Repeat exactly the stretch of lines that starts with the one containing "this 1328×1025 image." and ends with the last line of the material. Leave out pictures.

━━ DATA EXTRACTS

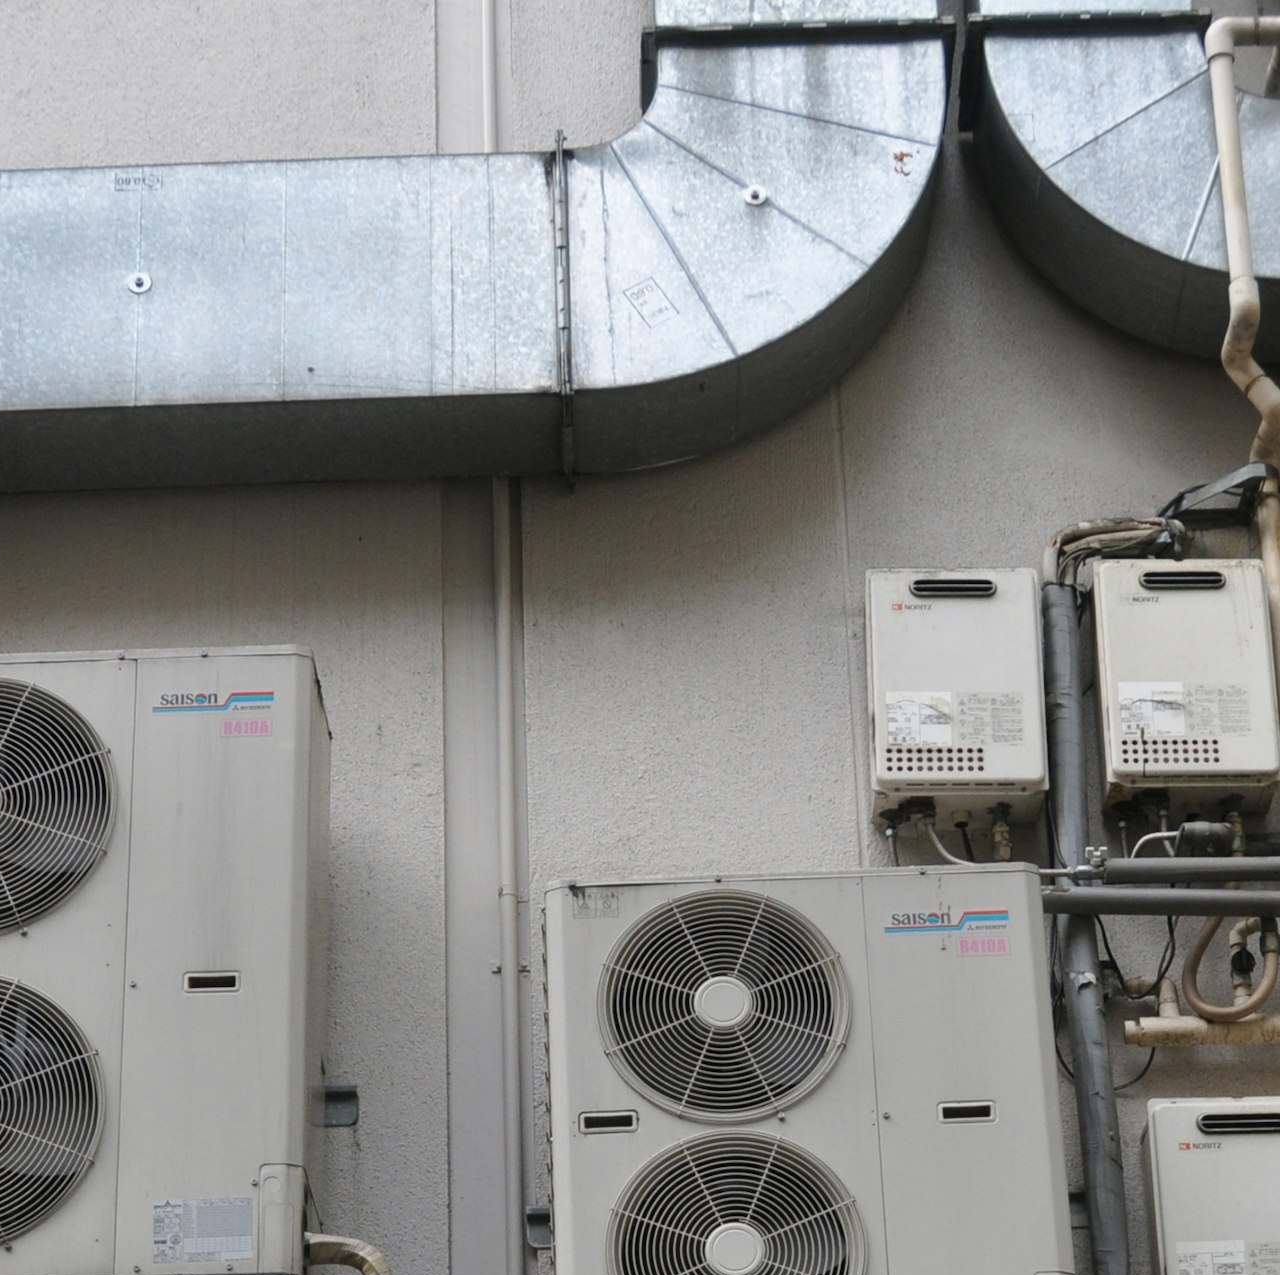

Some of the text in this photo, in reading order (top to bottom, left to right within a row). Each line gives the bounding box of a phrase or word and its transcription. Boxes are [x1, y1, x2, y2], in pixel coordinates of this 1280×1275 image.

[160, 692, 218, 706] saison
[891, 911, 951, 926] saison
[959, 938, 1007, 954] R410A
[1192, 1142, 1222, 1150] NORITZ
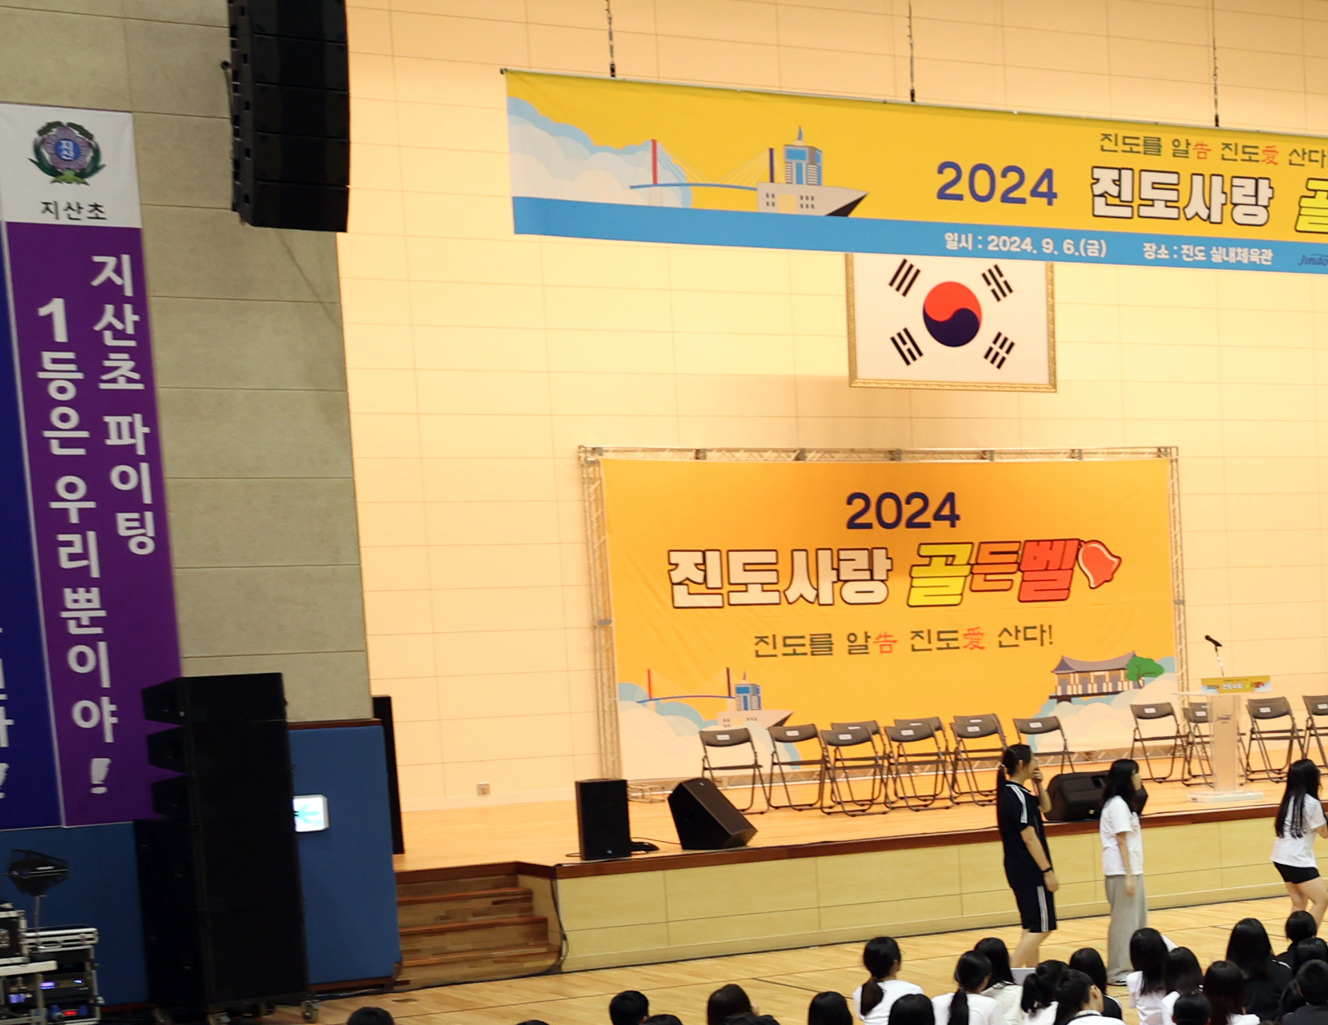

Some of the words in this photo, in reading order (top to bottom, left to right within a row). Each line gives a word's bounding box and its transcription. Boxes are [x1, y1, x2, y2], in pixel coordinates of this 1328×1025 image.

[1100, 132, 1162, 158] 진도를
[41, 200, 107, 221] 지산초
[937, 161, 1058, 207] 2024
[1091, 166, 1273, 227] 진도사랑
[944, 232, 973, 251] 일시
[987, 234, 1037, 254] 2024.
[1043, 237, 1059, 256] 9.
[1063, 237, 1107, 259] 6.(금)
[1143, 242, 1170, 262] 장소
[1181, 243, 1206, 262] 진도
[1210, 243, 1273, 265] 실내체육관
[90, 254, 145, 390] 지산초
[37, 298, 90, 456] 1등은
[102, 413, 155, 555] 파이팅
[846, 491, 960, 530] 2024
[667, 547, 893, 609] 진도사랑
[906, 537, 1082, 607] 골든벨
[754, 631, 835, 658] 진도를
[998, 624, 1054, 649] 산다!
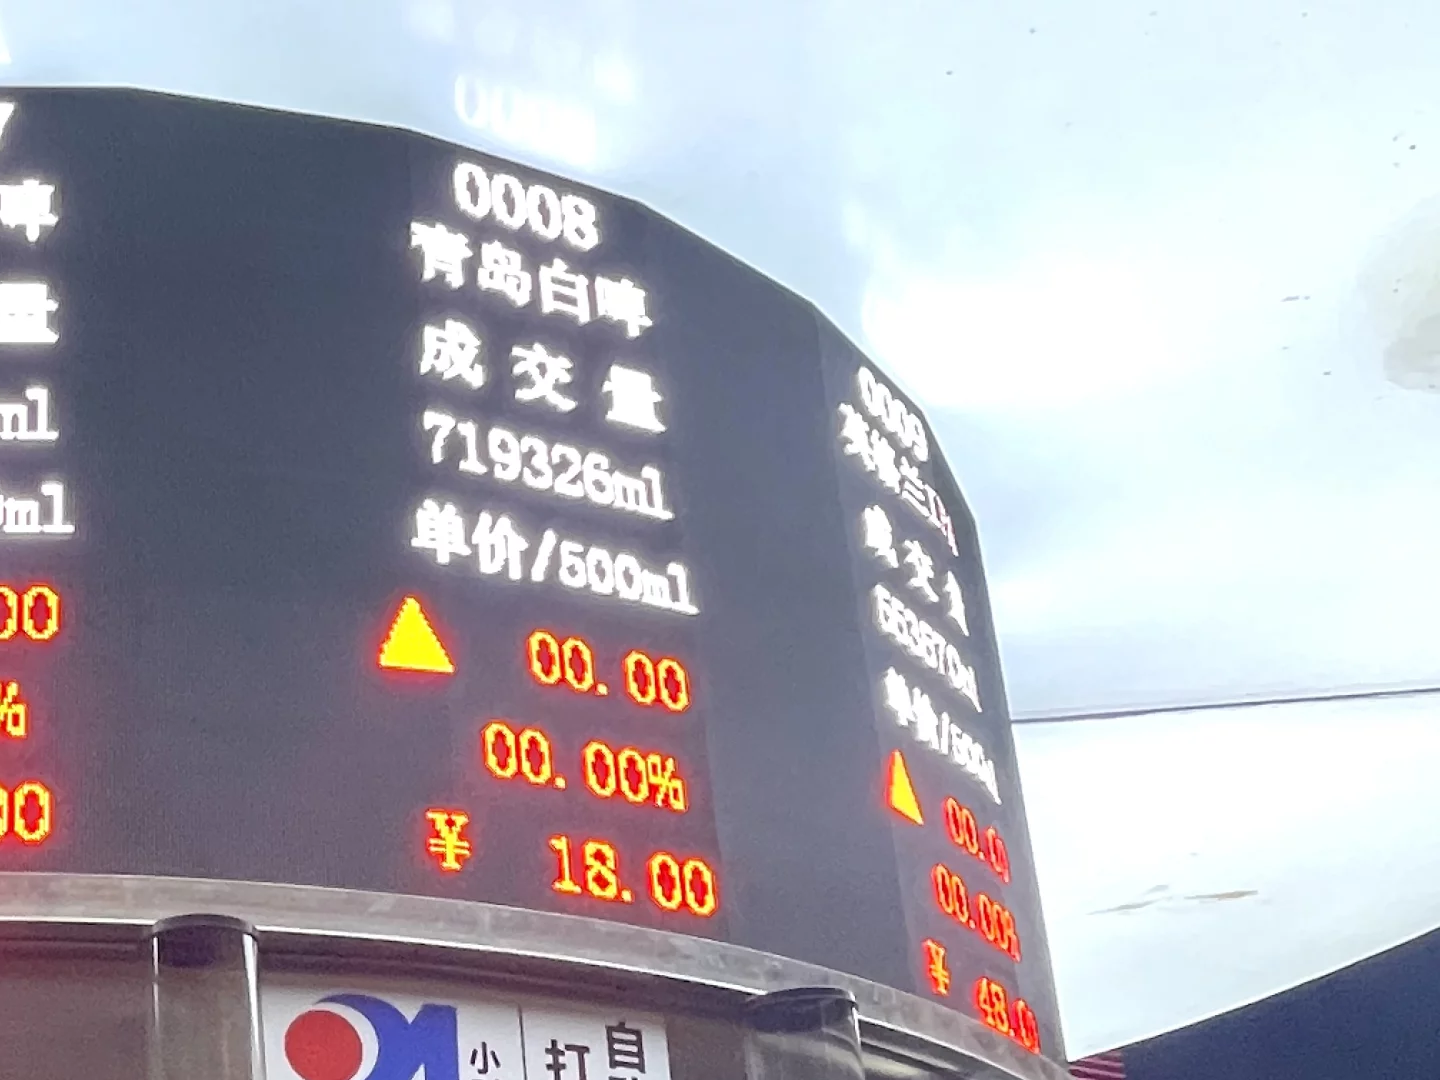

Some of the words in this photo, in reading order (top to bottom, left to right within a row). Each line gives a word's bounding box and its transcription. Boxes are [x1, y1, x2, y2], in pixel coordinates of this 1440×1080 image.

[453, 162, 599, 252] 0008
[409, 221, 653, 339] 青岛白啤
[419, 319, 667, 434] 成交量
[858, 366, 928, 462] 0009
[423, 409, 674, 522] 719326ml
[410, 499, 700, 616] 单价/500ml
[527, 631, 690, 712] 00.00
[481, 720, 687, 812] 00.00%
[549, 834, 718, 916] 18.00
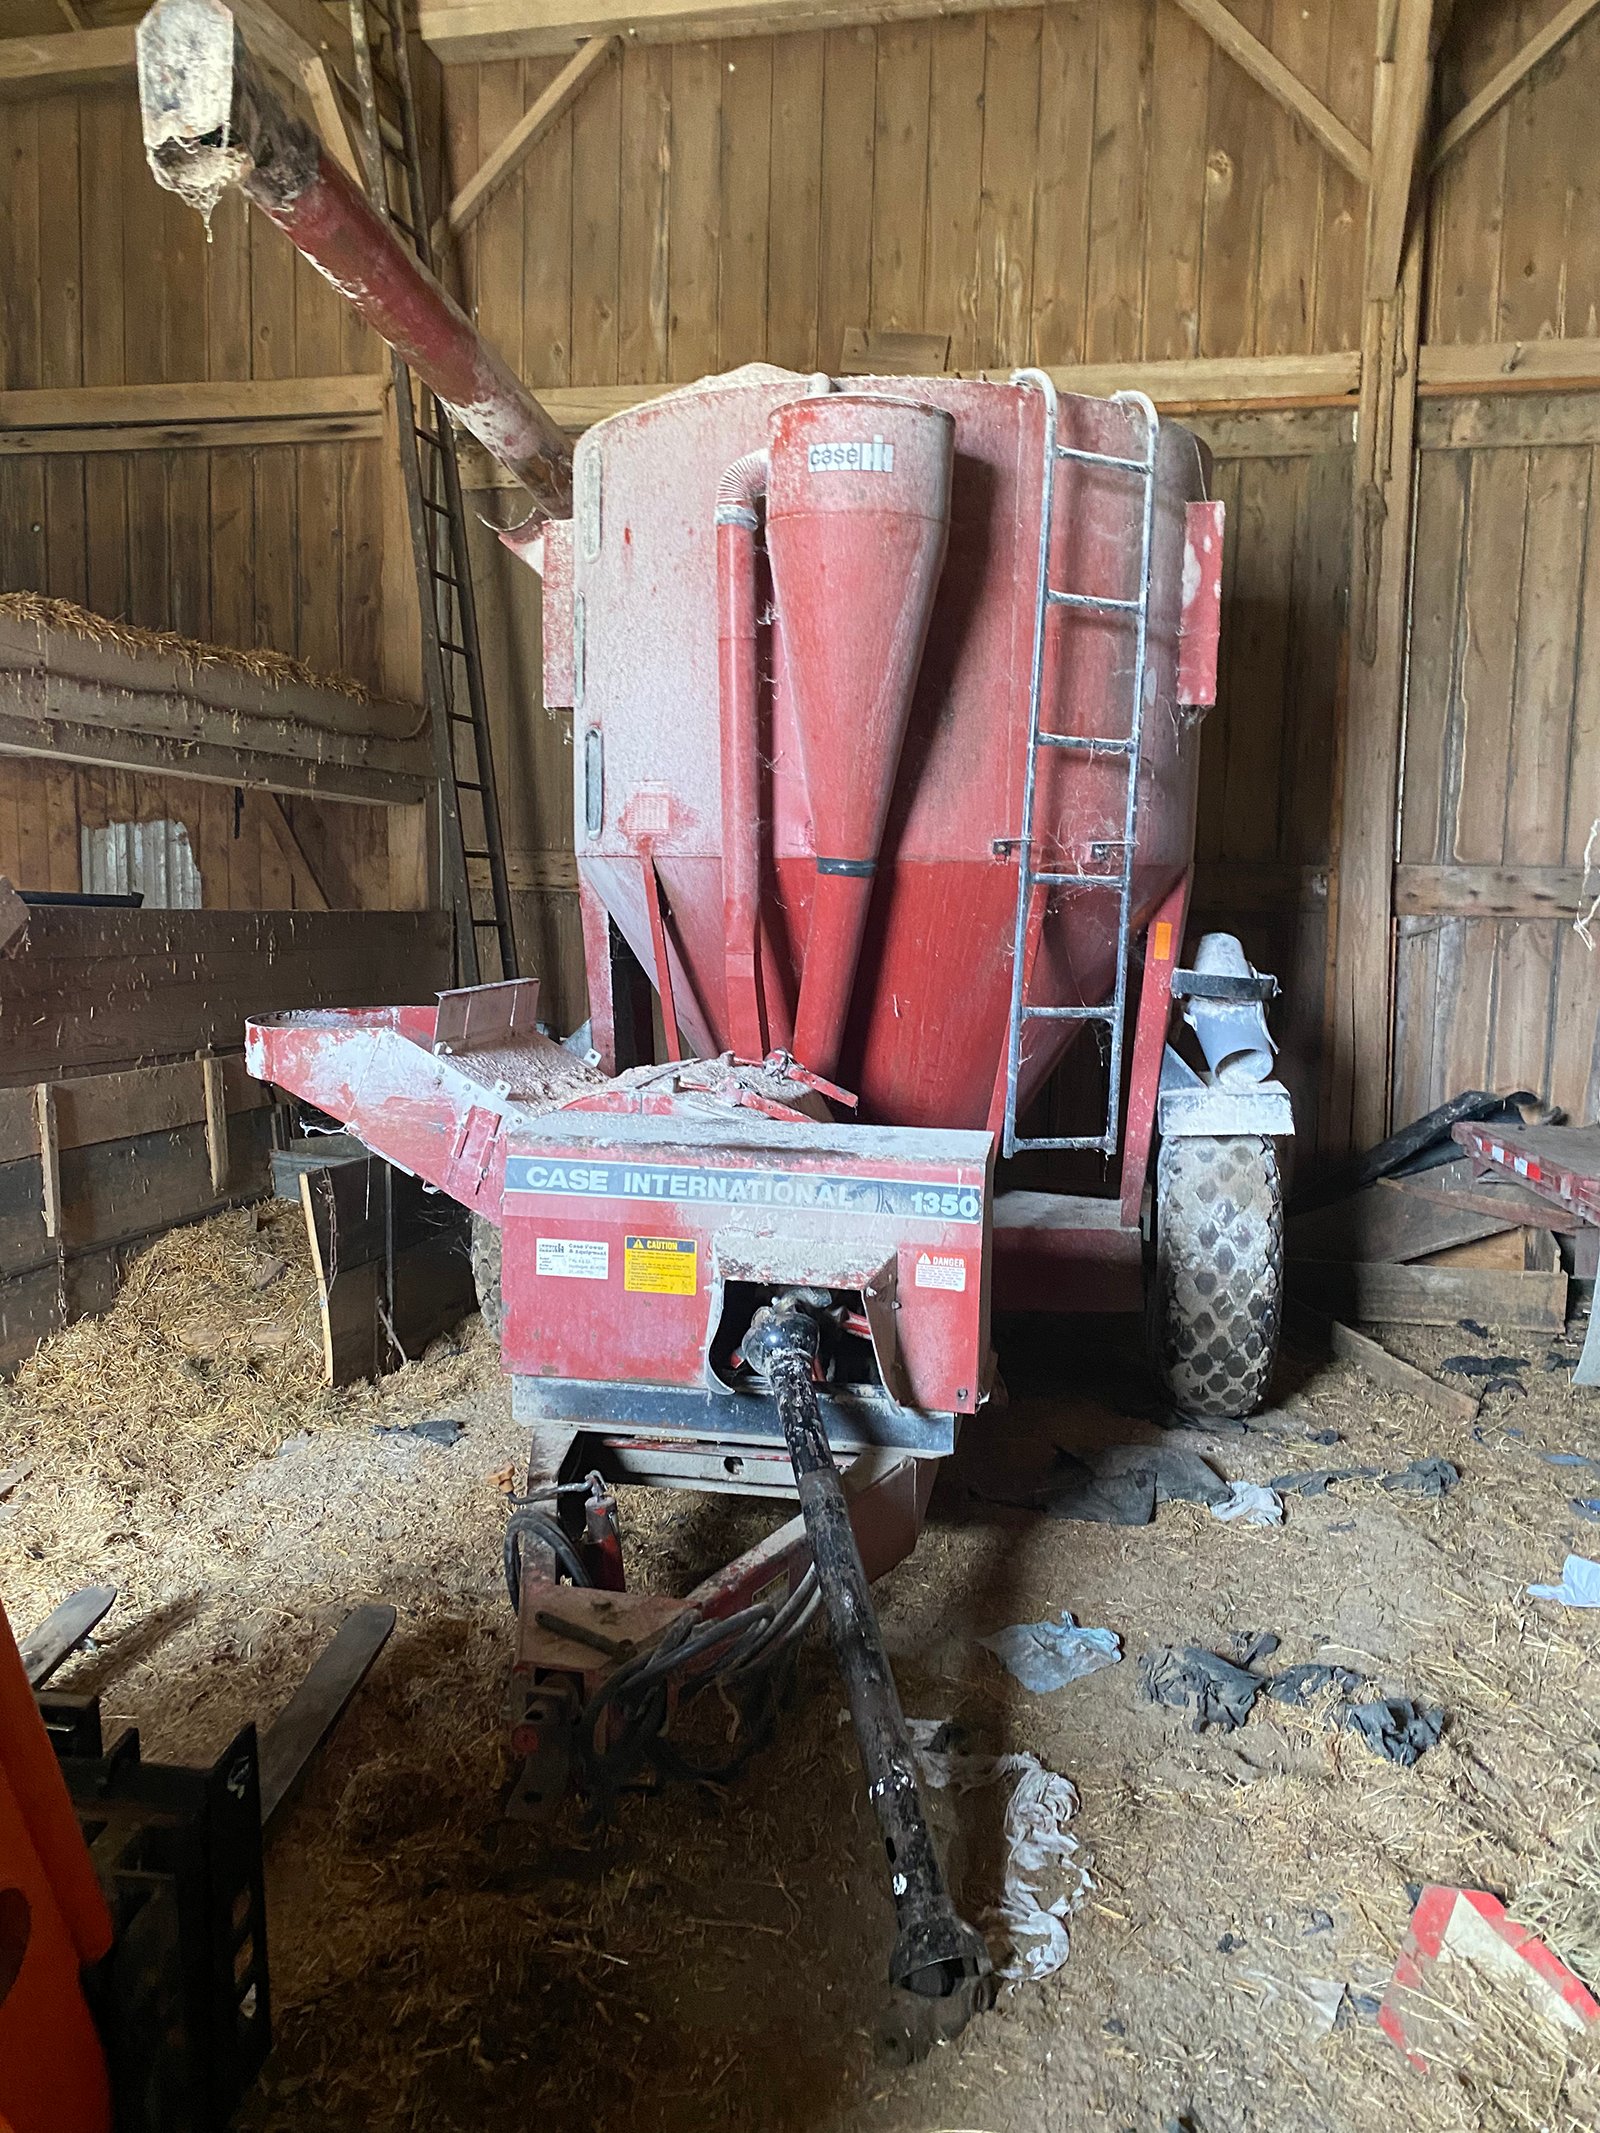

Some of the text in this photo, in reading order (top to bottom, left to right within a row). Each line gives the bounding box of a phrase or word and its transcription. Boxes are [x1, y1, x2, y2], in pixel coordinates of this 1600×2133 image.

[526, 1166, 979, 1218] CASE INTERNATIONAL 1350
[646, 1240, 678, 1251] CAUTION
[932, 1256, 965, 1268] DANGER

━━━━

TASK ANSWER
Some of the words in this photo, in reading order (top to bottom, left to right within a row). Each line gives a word's bounding box and its transcription. Boxes are [x1, y1, x2, y2], in pixel coordinates of this 1328×1025 image.

[1100, 132, 1162, 158] 진도를
[41, 200, 107, 221] 지산초
[937, 161, 1058, 207] 2024
[1091, 166, 1273, 227] 진도사랑
[944, 232, 973, 251] 일시
[987, 234, 1037, 254] 2024.
[1043, 237, 1059, 256] 9.
[1063, 237, 1107, 259] 6.(금)
[1143, 242, 1170, 262] 장소
[1181, 243, 1206, 262] 진도
[1210, 243, 1273, 265] 실내체육관
[90, 254, 145, 390] 지산초
[37, 298, 90, 456] 1등은
[102, 413, 155, 555] 파이팅
[846, 491, 960, 530] 2024
[667, 547, 893, 609] 진도사랑
[906, 537, 1082, 607] 골든벨
[754, 631, 835, 658] 진도를
[998, 624, 1054, 649] 산다!

Some of the words in this photo, in reading order (top to bottom, left to right within a row). Each line gives a word's bounding box and its transcription. Boxes are [x1, y1, x2, y2], in pixel coordinates of this 1440×1080 image.

[453, 162, 599, 252] 0008
[409, 221, 653, 339] 青岛白啤
[419, 319, 667, 434] 成交量
[858, 366, 928, 462] 0009
[423, 409, 674, 522] 719326ml
[410, 499, 700, 616] 单价/500ml
[527, 631, 690, 712] 00.00
[481, 720, 687, 812] 00.00%
[549, 834, 718, 916] 18.00

Some of the text in this photo, in reading order (top to bottom, left to right within a row). Each line gives the bounding box of a phrase or word and its transcription. Boxes are [x1, y1, x2, y2], in pixel coordinates of this 1600×2133 image.

[526, 1166, 979, 1218] CASE INTERNATIONAL 1350
[646, 1240, 678, 1251] CAUTION
[932, 1256, 965, 1268] DANGER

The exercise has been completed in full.